Shrestha, S. - Presenter, The City College of New York
Biddinger, E. J., The City College of New York
Mustain, W. E., University of Connecticut

Applications of electrocatalysts can be found in  sensors, electro-organic synthesis, waste-water treatment and energy conversion devices. The activity and selectivity of the electrocatalysts can be fine-tuned by applying potential or current. In addition, the electrochemical devices employing the electrocatalysts are not limited by Carnot efficiency. The requirement for triple-phase boundary for electrochemical reactions to occur in these devices necessitate that the electrocatalysts be deposited in a site-specific manner for maximum utilization. Electrodepostion of the catalysts meets this requirement. However, in traditional aqueous system, electrodeposition is limited by the narrow electrochemical window of water (1.2 V). In ionic liquids (ILs), the electrochemical window can be as high as 6 V and the metals having reduction potential negative than that of H2 evolution could be reduced. Moreover, product selectivity and reaction efficiency can be enhanced in ILs for reactions such as CO2 reduction. However, studies in these fields are limited. My graduate work in nitrogen-doped ordered mesoporous carbon (NOMC) supported Pt for oxygen reduction reaction (ORR) and my postdoctoral work in electrodeposition of fission platinoids (Pd, Rh, Ru) in ILs puts me in a favorable position to advance these fields.

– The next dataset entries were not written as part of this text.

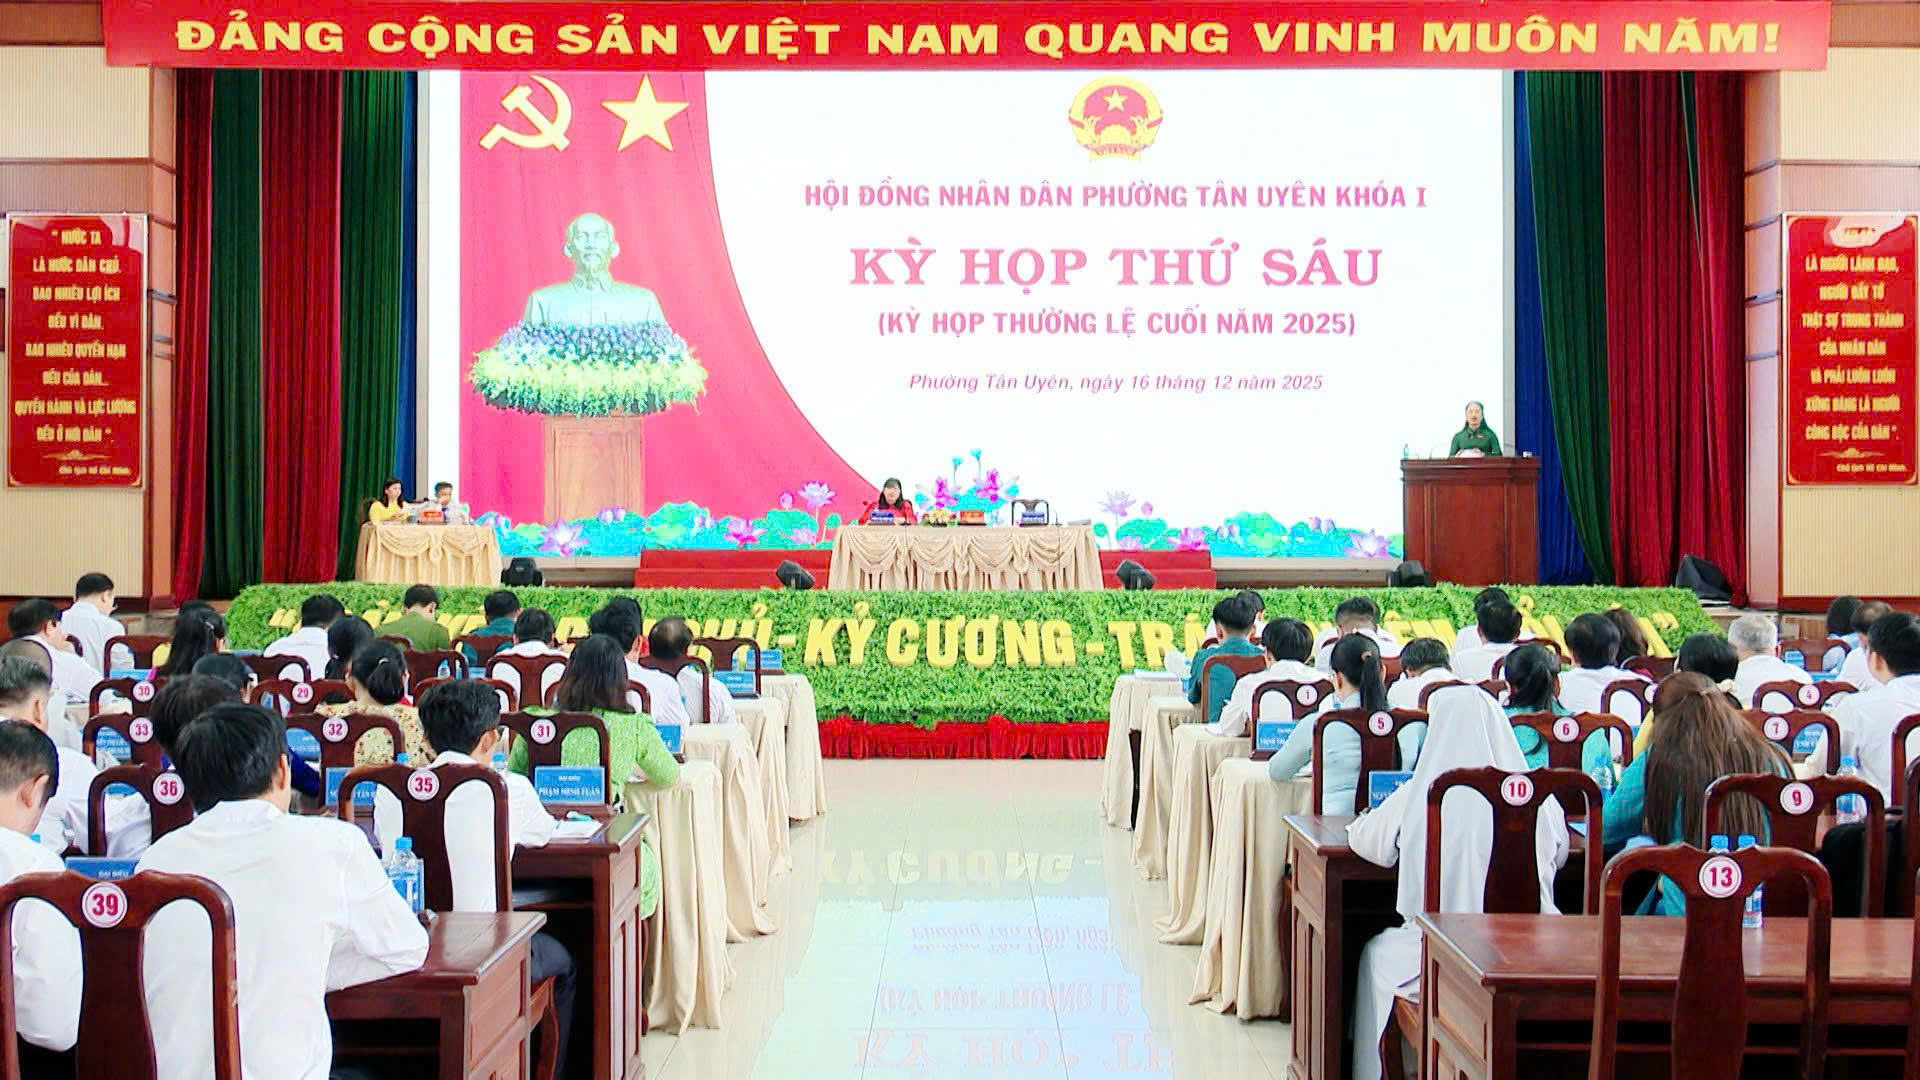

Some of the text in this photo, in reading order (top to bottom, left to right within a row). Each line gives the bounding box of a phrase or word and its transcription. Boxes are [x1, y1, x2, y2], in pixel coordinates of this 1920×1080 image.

[175, 10, 1781, 60] ĐẢNG CỘNG SẢN VIỆT NAM QUANG VINH MUÔN NĂM!
[804, 176, 1427, 212] HỘI ĐỒNG NHÂN DÂN PHƯỜNG TÂN UYÊN KHÓA I
[849, 236, 1384, 296] KỲ HỌP THỨ SÁU
[878, 303, 1357, 338] (KỲ HỌP THƯỜNG LỆ CUỐI NĂM 2025)
[909, 374, 1324, 394] Phường Tân Uyên, ngày 16 tháng 12 năm 2025
[886, 614, 1077, 667] CƯƠNG
[134, 722, 149, 737] 33
[327, 722, 344, 736] 32
[536, 724, 551, 738] 31
[1376, 717, 1386, 730] 5
[1561, 722, 1571, 736] 6
[1772, 722, 1780, 736] 7
[159, 779, 178, 797] 36
[414, 776, 434, 793] 35
[1508, 780, 1528, 798] 10
[1791, 789, 1803, 807] 9
[1708, 867, 1733, 888] 13
[90, 892, 119, 917] 39

My graduate work focused on creating strong metal-support interaction (SMSI) between carbon and Pt. Although various types of advanced carbon supports such as carbon black, carbon nanotubes, aerogels, carbon fibers and graphene have been investigated as the support, none have been shown to increase intrinsic ORR activity of Pt. To overcome this, I explored nitrogen-doped carbon supports. Nitrogen has been shown to change electronic and microstructural properties of carbon. However, there had been few works on Pt-supported nitrogen-doped carbon for ORR and most of it was limited to model systems such as highly oriented pyrolytic graphite (HOPG).  In my work, NOMC was synthesized by templating on SBA-15 with pyrrole as the precursor. Pt nanoparticles were deposited on the NOMC by electroless reduction in ethylene glycol. I showed how pore-order, graphiticity and nitrogen content plays a role in ORR activity of the Pt. This has provided guidance for designing of high-performing nitrogen-doped carbon supports.

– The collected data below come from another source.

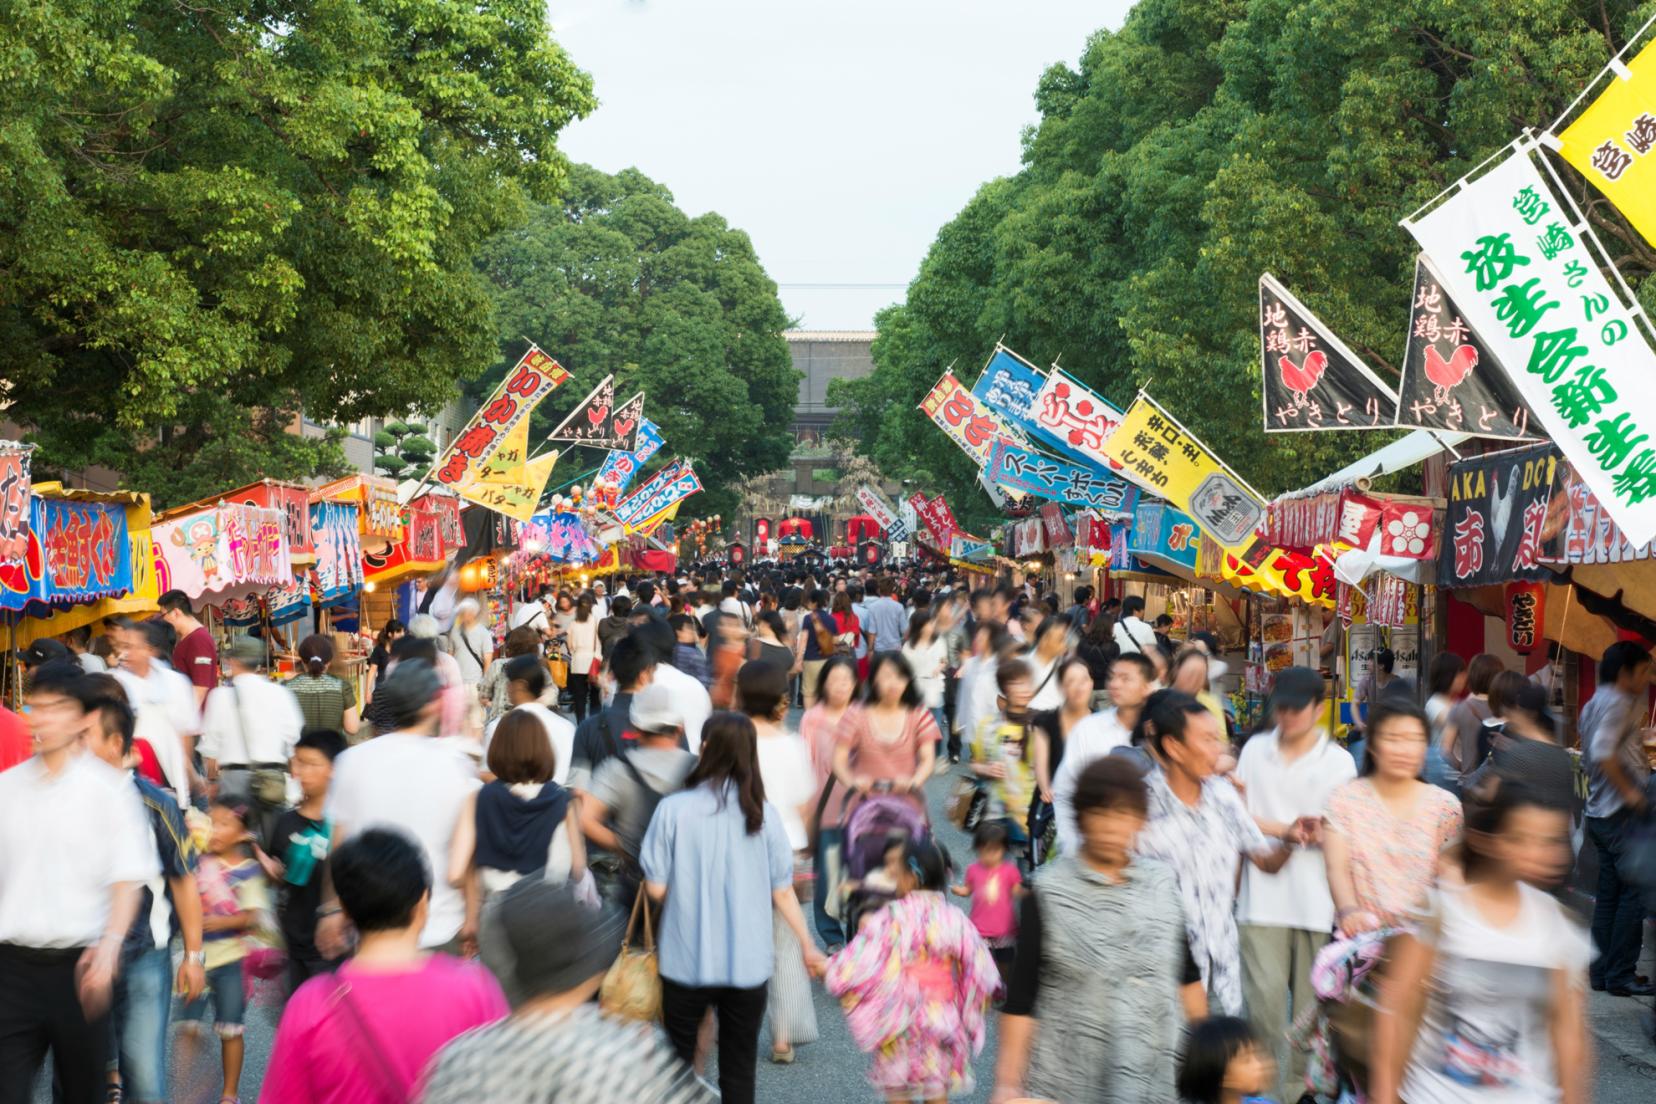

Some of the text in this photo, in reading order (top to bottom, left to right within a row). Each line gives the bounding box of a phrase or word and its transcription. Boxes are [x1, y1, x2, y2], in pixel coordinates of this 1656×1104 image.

[1275, 398, 1379, 428] やきとり
[1410, 399, 1528, 437] やきとり
[438, 366, 541, 485] いか焼き
[563, 426, 605, 440] やきとり
[498, 449, 519, 461] ャガ
[480, 466, 506, 478] ター
[1452, 470, 1486, 501] AKA
[481, 489, 517, 507] バター

Currently, I am working on recovery of fission platinoids (Pd, Rh, Ru) through electrodeposition in ionic liquids. Current processes for recovery of fission products is based on extraction in highly flammable volatile organic solvents (VOCs) such as kerosene and dodecane. ILs provide safer alternative to the VOCs because of their negligible vapor pressure. ILs also have complexing ability, hence metals could be dissolved in ILs without introducing additional complexing agents. Also the metals solvated could be recovered directly through electrodeposition in ILs. I am studying electrochemical and electroreduction behavior of Pd in many ILs previously not studied. The ILs affect the electroreduction behavior by controlling speciation, electrolyte/electrode interface, and the mass-transfer which in turn affect the thermodynamics, kinetics and morphology of the deposits. This work will expose fundamental underpinnings of electrodeposition of Pd, Rh and Ru in ILs.

In my poster, I will summarize my graduate and postdoctoral work and talk about how I will exploit them to develop the field of electrodeposition of catalysts and their activity in ILs for applications in low temperature fuel cells and CO2 utilization.